On Friday, the market saw oil prices climb, an extension of its gains from the day before. Despite a resurgence in COVID-19 cases in some regions of the United States over the past days, the gains have been accumulated in light of the industry's optimism for fuel demand across the globe.
U.S. West Texas Intermediate (WTI) crude CLc1 futures went up 42 cents, or 1.1%, bringing it to $39.14 at 0150 GMT. However, it was noted to be on track to drop slightly for the week.
Similarly, Brent crude LCOc1 futures went up 1.1%, or 47 cents, to $41.52. Continuing with the pattern, it were also geared to a small decline.
In general, the commodities markets views the global recovery positively on Friday despite coronavirus flare-ups concerns, said Michael McCarthy, chief market strategist at CMC Markets.
“It does appear the market is ignoring supply and demand fundamentals and moving on sentiment,” McCarthy stated.

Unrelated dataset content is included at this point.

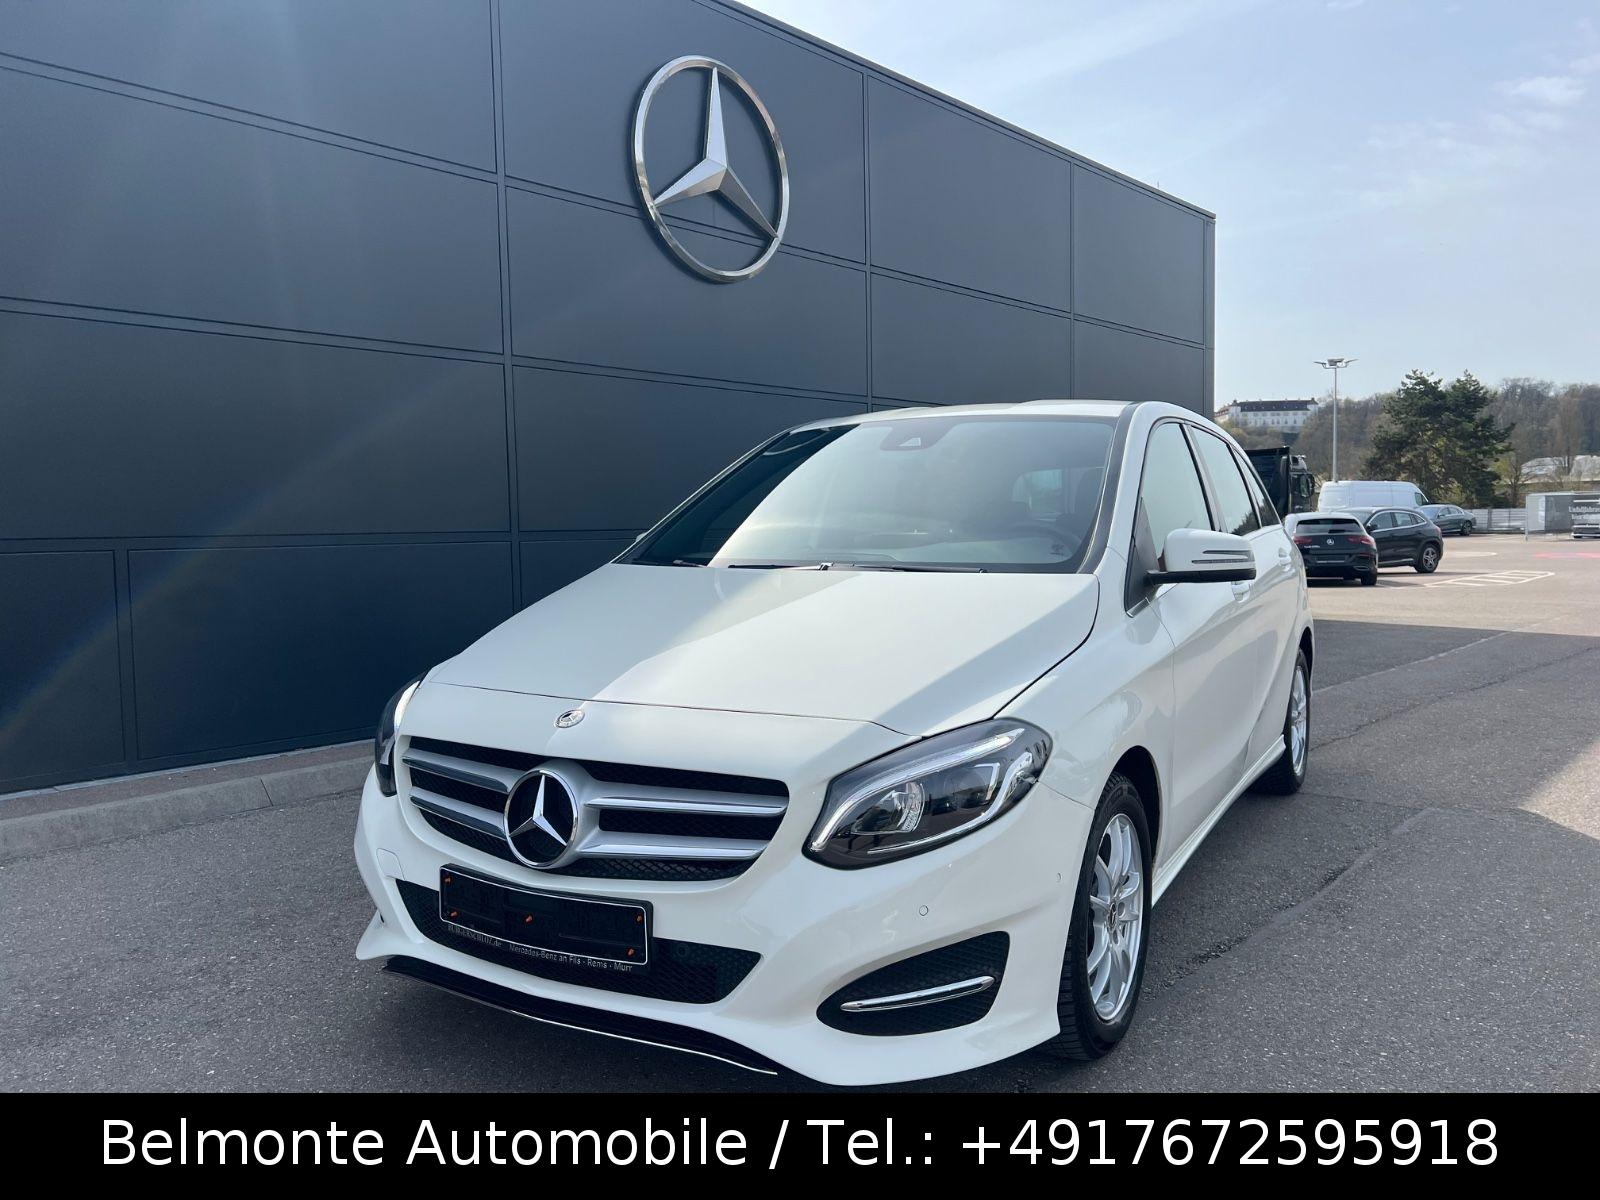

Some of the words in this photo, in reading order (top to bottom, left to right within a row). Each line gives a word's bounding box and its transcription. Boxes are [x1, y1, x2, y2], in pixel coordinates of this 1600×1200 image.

[509, 943, 557, 960] Mercedes-Benz
[559, 954, 567, 962] an
[587, 958, 607, 969] Rems
[613, 962, 633, 972] Murr

Analysts agree that recovery in demand can be seen through satellite data that shows strong traffic in China, Europe and the United States.
While this the case, fears of spikes in COVID-19 infections in states in the southern region of the U.S. are seen to be hurdles in demand recovery, especially with consideration to states such as Florida and Texas which are the biggest consumers of gasoline.
“The risk of a fresh outbreak could hit the recovery in demand,” a note in an ANZ Research said.
The possibility of increased U.S. crude production prevented further gains on Friday as well.
Dallas Federal Reserve Bank's survey of executives in the top U.S. oil and gas producing region revealed more than half of executives cutting production are expecting a resumption of output by July's end.
According to almost a third of the survey for a majority of producers to have output restored, WTI would have to be priced between $36 and $41 a barrel. Twenty-seven percent however, said prices would have to range between $41 and $45 per barrel.